By Josh White
Date: Tuesday 01 Apr 2025
(Sharecast News) - Niox Group reported a solid set of full-year results for 2024 on Tuesday, with double-digit revenue growth, increased profitability and expanded shareholder returns.
The AIM-listed medical device company also confirmed it was in preliminary discussions with Keensight Capital following a possible takeover proposal.
It said revenue for the year rose 14% to £41.8m, or 16% on a constant currency basis, driven by an 11% increase in clinical revenue to £36.1m.
Adjusted EBITDA grew 21% year-on-year to £13.8m, ahead of consensus expectations.
The company sold 6.3 million Niox FeNO tests, up 19% from 2023, reflecting growing demand for its asthma diagnostics solutions.
During the year, Niox returned £25.2m to shareholders through a £4.2m dividend and a £21m tender offer.
The board recommended a further final dividend of 1.25p per share, and also revised its capital allocation policy to increase future cash returns.
Net cash stood at £10.9m at year-end, down from £19.9m, primarily due to the shareholder distributions.
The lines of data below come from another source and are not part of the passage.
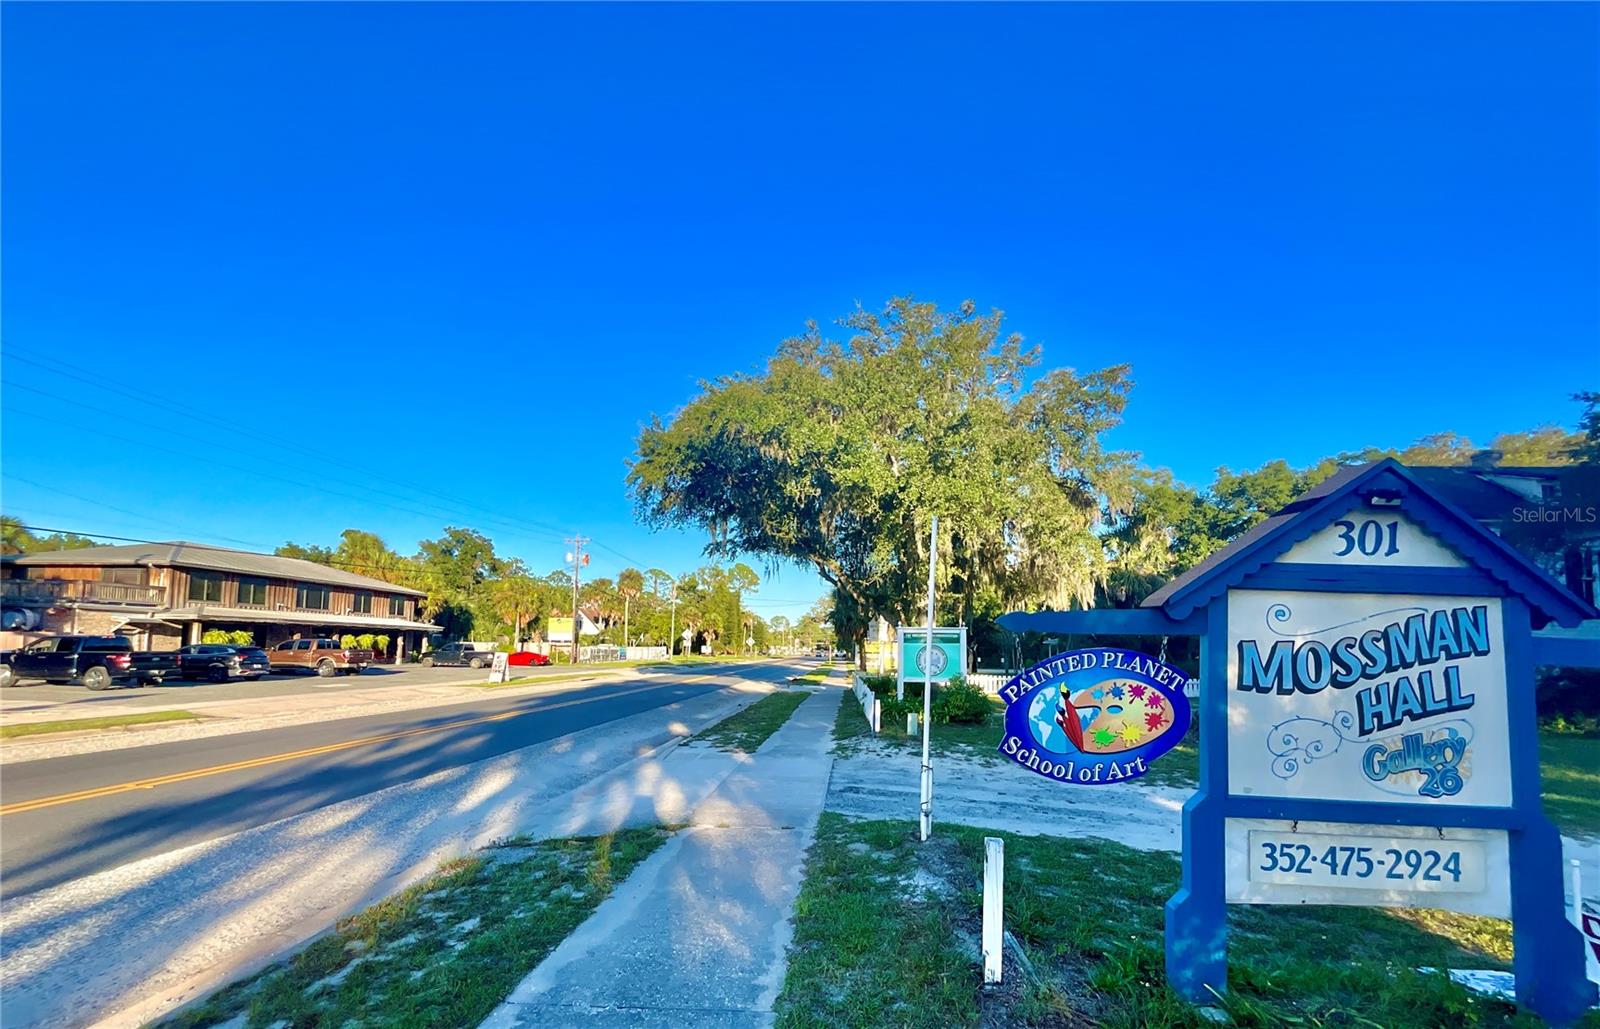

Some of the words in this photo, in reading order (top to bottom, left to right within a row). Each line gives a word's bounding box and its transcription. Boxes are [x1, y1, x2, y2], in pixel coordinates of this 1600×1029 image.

[1334, 519, 1400, 557] 301
[1237, 605, 1490, 696] MOSSMAN
[1004, 653, 1098, 704] PAINTED
[1102, 651, 1185, 692] PLANET
[1355, 665, 1476, 738] HALL
[1003, 735, 1074, 780] School
[1079, 763, 1104, 782] of
[1106, 755, 1148, 781] Art
[1362, 732, 1467, 782] Gallery
[1417, 766, 1464, 799] 26
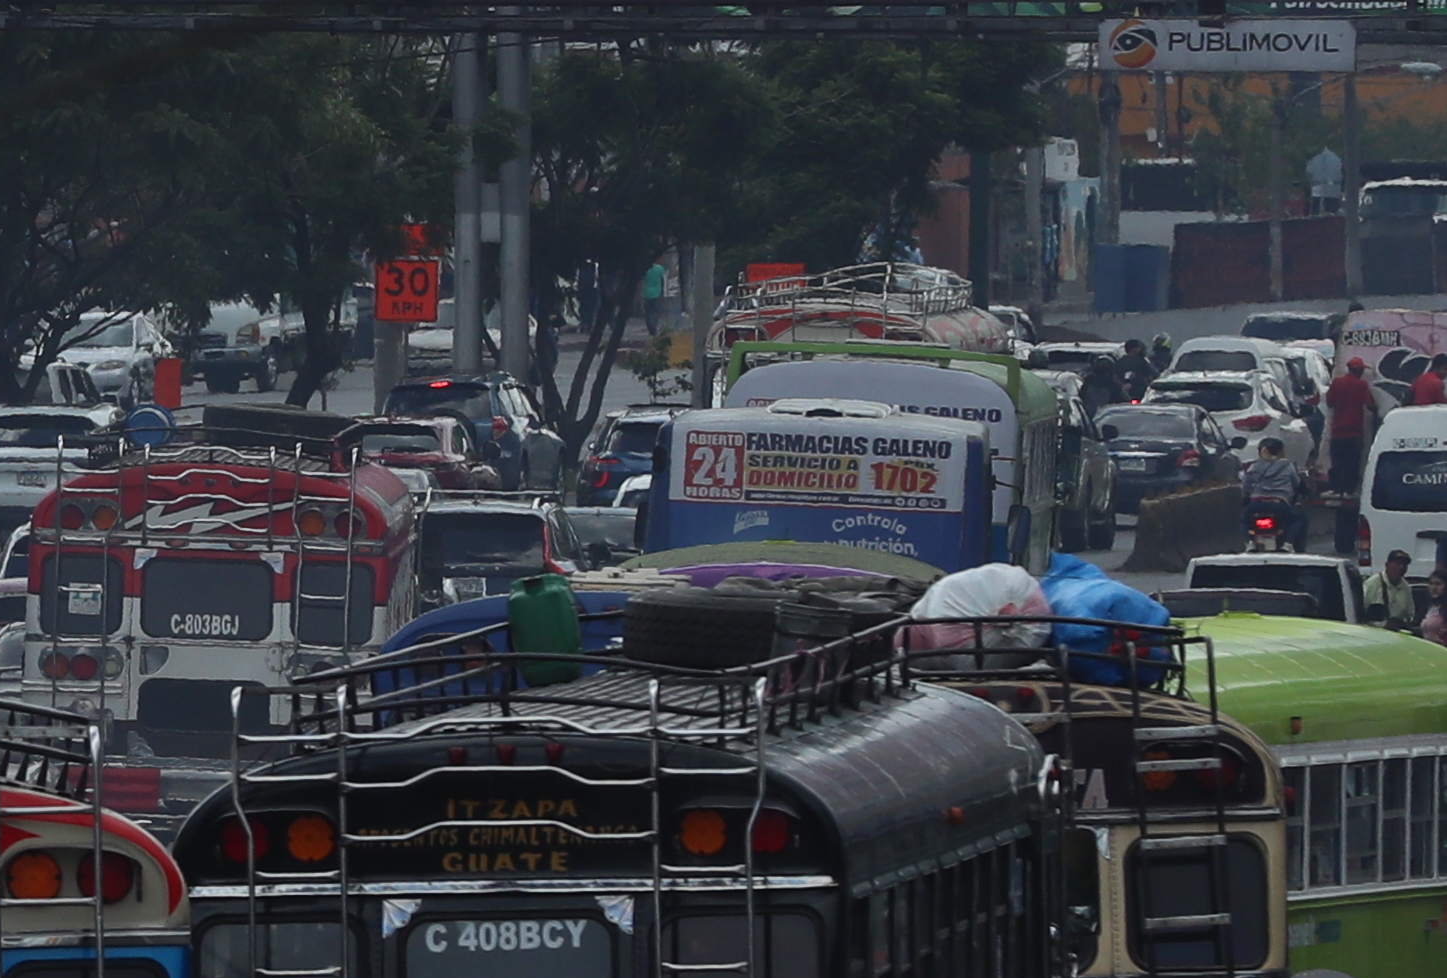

Operationally, the company said it made progress on several initiatives, including development of its next-generation Niox PRO device, targeted for launch in the fourth quarter of 2025, and the Niox MyNO home-use product.
It also signed a letter of intent with its sensor manufacturer to expand production capacity and support future growth.
On 20 March, Niox confirmed it had received a proposal from Keensight Capital regarding a possible all-cash acquisition at 81p per share, inclusive of any future dividends.
The proposal remained subject to due diligence and other pre-conditions, with discussions at a preliminary stage.
Niox noted there was no certainty that a firm offer would be made, or on what terms.
"2024 was another good year for the group," said executive chairman Ian Johnson, noting that all three of the company's geographic regions grew revenue, with Asia-Pacific leading the way.
"Our new Nion PRO device, which has been under development for the past two years, remains on track for first launch markets in the final quarter of 2025.
"The Niox PRO will be the group's first new product for 12 years and offers improved ease of use and superior connectivity compared with the Niox VERO while utilising the same technology and being fully backwards compatible with the Niox VERO sensors and accessories."
Johnson said the company had signed a letter of intent with the manufacturer of its Niox sensor to invest in equipment required to increase the manufacturing capacity of the exclusive Niox VERO sensor at its new, expanded facility to meet long term demand and to fund the development of an all-new sensor for the Niox MyNO home-use device.
"The board has decided to adopt a policy with regard to the return of cash to shareholders, given that for some time the group has generated cash in excess of its investment needs.
"The first opportunity to utilise this policy is likely to be towards the end of the current financial year.
"Going forward, the group will, on a rolling basis, return 80% of free cash flow to shareholders in the medium term, through ordinary dividend payments and additional cash returns."
At 1000 GMT, shares in Niox Group were up 0.53% at 76.4p.